Bioinformatik und klinische Interpretation

Test-Stärken

  • DAkkS-akkreditiertes Labor
  • EU-Richtlinie für IVD in Umsetzung
  • Qualitäts-kontrolliert arbeitendes Personal
  • Leistungsstarke Sequenzierungstechnologien, fortschrittliche Target-Anreicherungsmethoden und Präzisions-Bioinformatik-Pipelines sorgen für überragende analytische Leistung
  • Sorgfältige Kuratierung klinisch relevanter und wissenschaftlich begründeter Gen-Panels
  • eine Vielzahl nicht Protein-kodierender Varianten, die in unseren klinischen NGS-Tests mit erfasst werden
  • unser strenges Variantenklassifizierungsschema nach ACMG-Kriterien
  • unser systematischer klinischer Interpretations-Workflow mit proprietärer Software ermöglicht die genaue und nachvollziehbare Verarbeitung von NGS-Daten
  • unsere umfassenden klinischen Aussagen

Testeinschränkungen

  • Gene mit eingeschränkter Abdeckung werden gekennzeichnet
  • Gene mit kompletten oder partiellen Duplikationen werden gekennzeichnet
  • es wird angenommen, dass ein Gen suboptimal abgedeckt ist, wenn >90% der Nukleotide des Gens bei einem Mapping-Qualitätsfaktor von >20 (MQ>20) nicht abgedeckt sind
  • die Sensitivität der Diagnostik zur Erkennung von Varianten mit genannten Testeinschränkungen ist möglicherweise begrenzt bei:
  • Gen-Konversionen
  • komplexe Inversionen
  • Balancierte Translokationen
  • Mitochondriale Varianten
  • Repeat-Expansionen, sofern nicht anders dokumentiert
  • nicht kodierende Varianten, die Krankheiten verursachen, die von diesem Panel nicht mit abgedeckt werden
  • niedriger Mosaik-Status
  • Repeat-Blöcke von Mononukleotiden
  • Indels >50bp (Insertionen-Deletionen)
  • Deletionen oder Duplikationen einzelner Exons
  • Varianten innerhalb von Pseudogenen
  • die analytische Sensitivität kann geringer ausfallen werden, wenn die DNA nicht von amedes genetics extrahiert wurde

Laboranforderung

  • Die in grün gezeigten Gene sind kuratiert und werden als Gen-Panel untersucht. Eine Erweiterung des Panels (blau gezeigte Gene) kann auf Anfrage erfolgen. Sofern unter "Erweitertes Panel" ein Minuszeichen angezeigt wird, sind nur Core-/Basis-Gene verfügbar.
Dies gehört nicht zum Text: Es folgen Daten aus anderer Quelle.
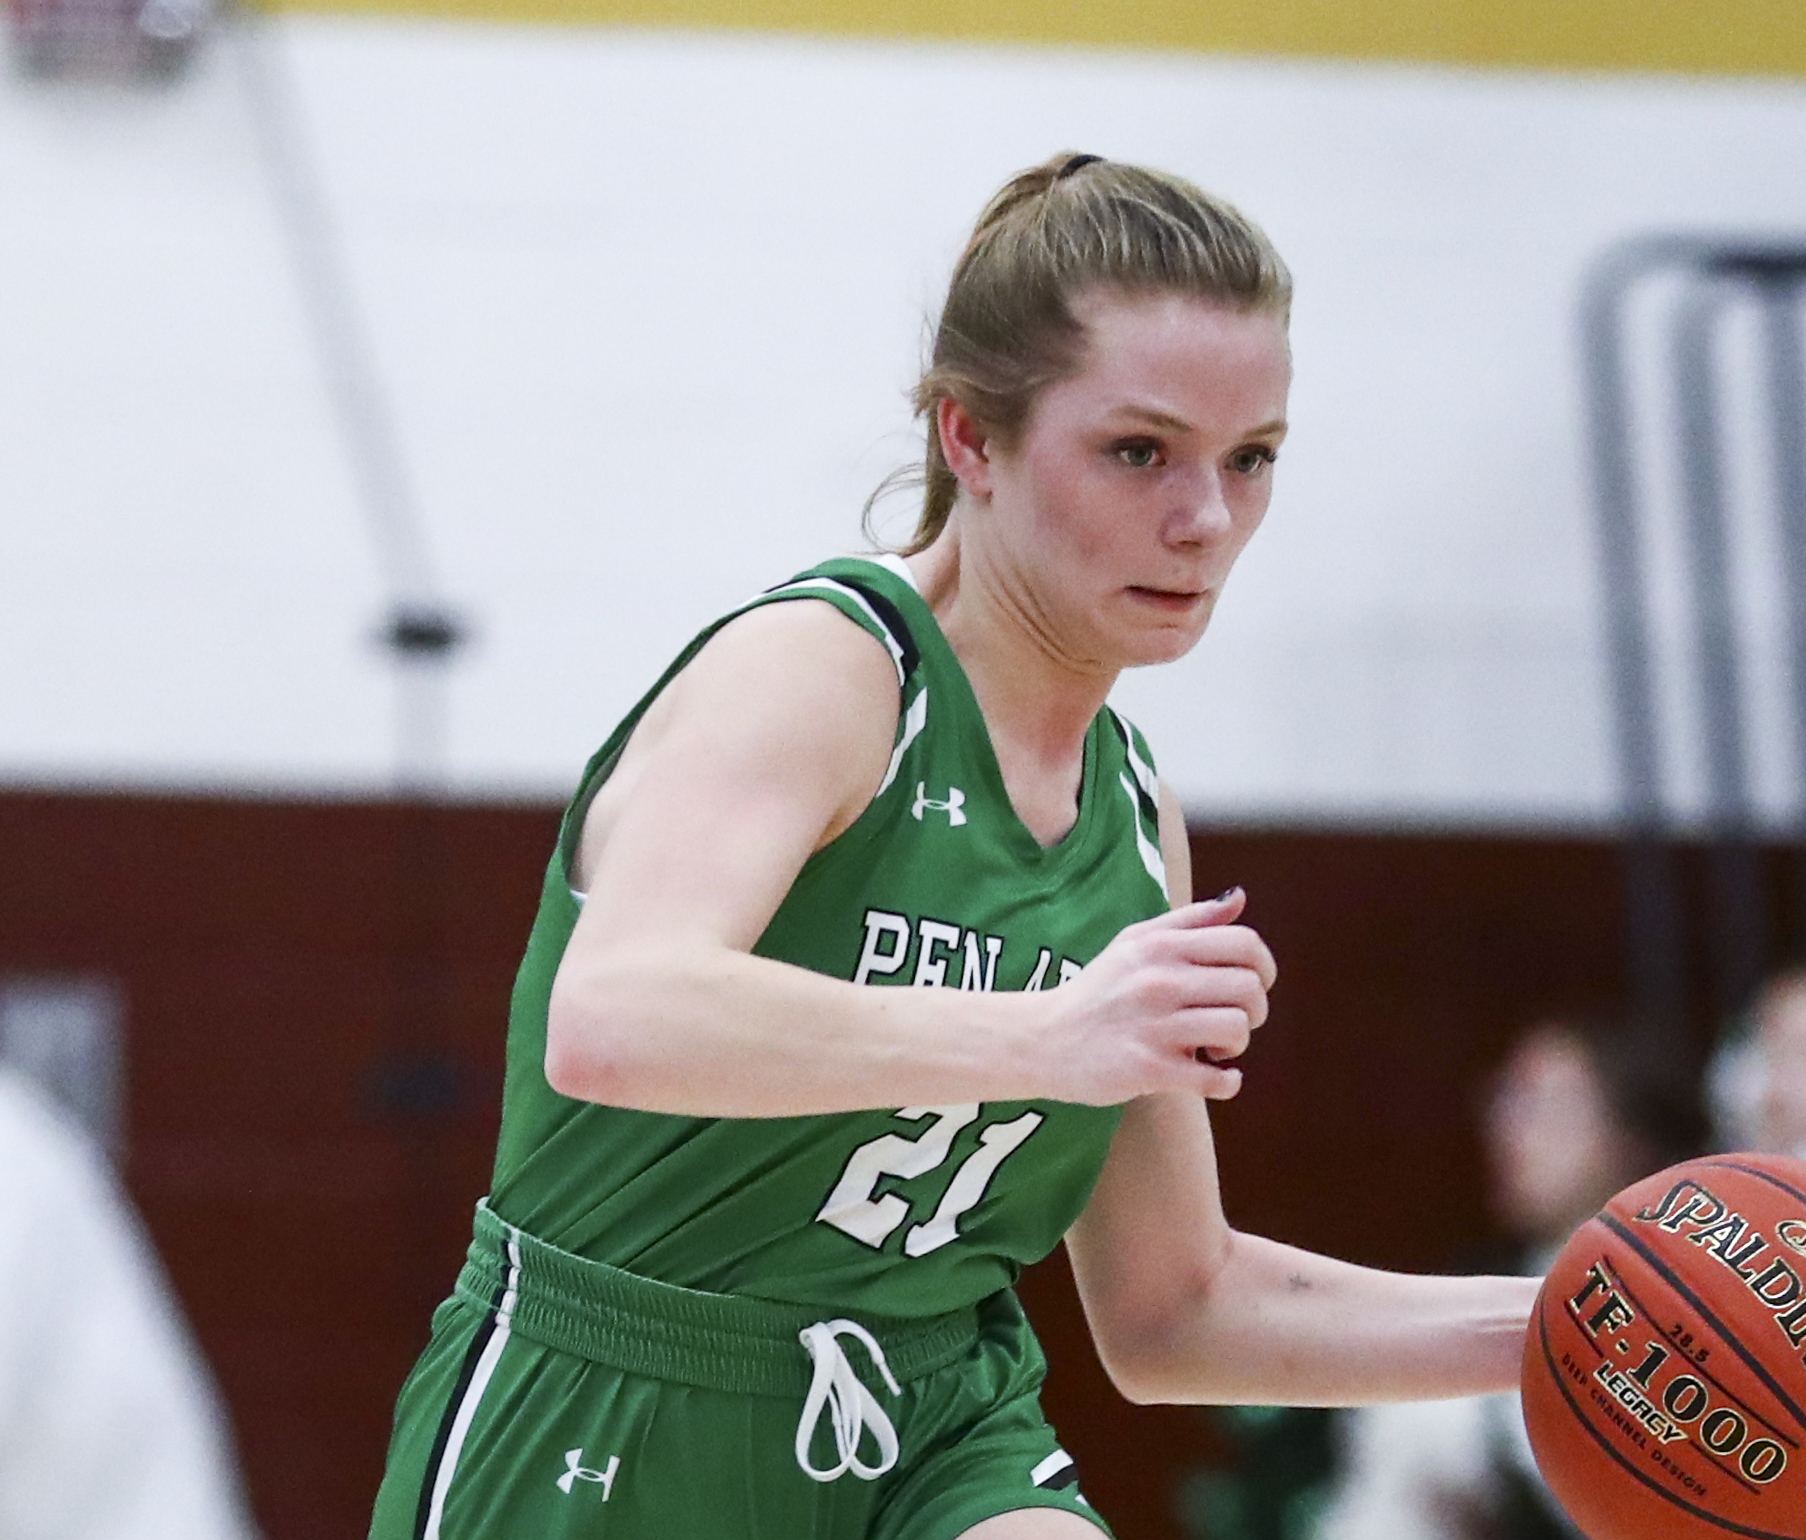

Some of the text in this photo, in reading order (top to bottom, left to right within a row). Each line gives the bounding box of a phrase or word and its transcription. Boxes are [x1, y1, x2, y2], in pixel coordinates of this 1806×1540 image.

[814, 1101, 1044, 1258] 21
[1570, 1261, 1788, 1484] TF-1000
[1669, 1322, 1710, 1363] 28.5
[1590, 1388, 1648, 1450] CHANNEL
[1651, 1449, 1708, 1496] DESIGN
[1593, 1359, 1689, 1445] LEGACY
  • Für die Anforderung einer genetischen Untersuchung senden Sie uns bitte die Krankheits-ID auf einem Überweisungsschein. Bitte die Material-Angabe beachten.

  • Für privat versicherte Patienten empfehlen wir einen Antrag auf Kostenübernahme bei der Krankenversicherung.

  • Die Untersuchung wird auch für Selbstzahler angeboten.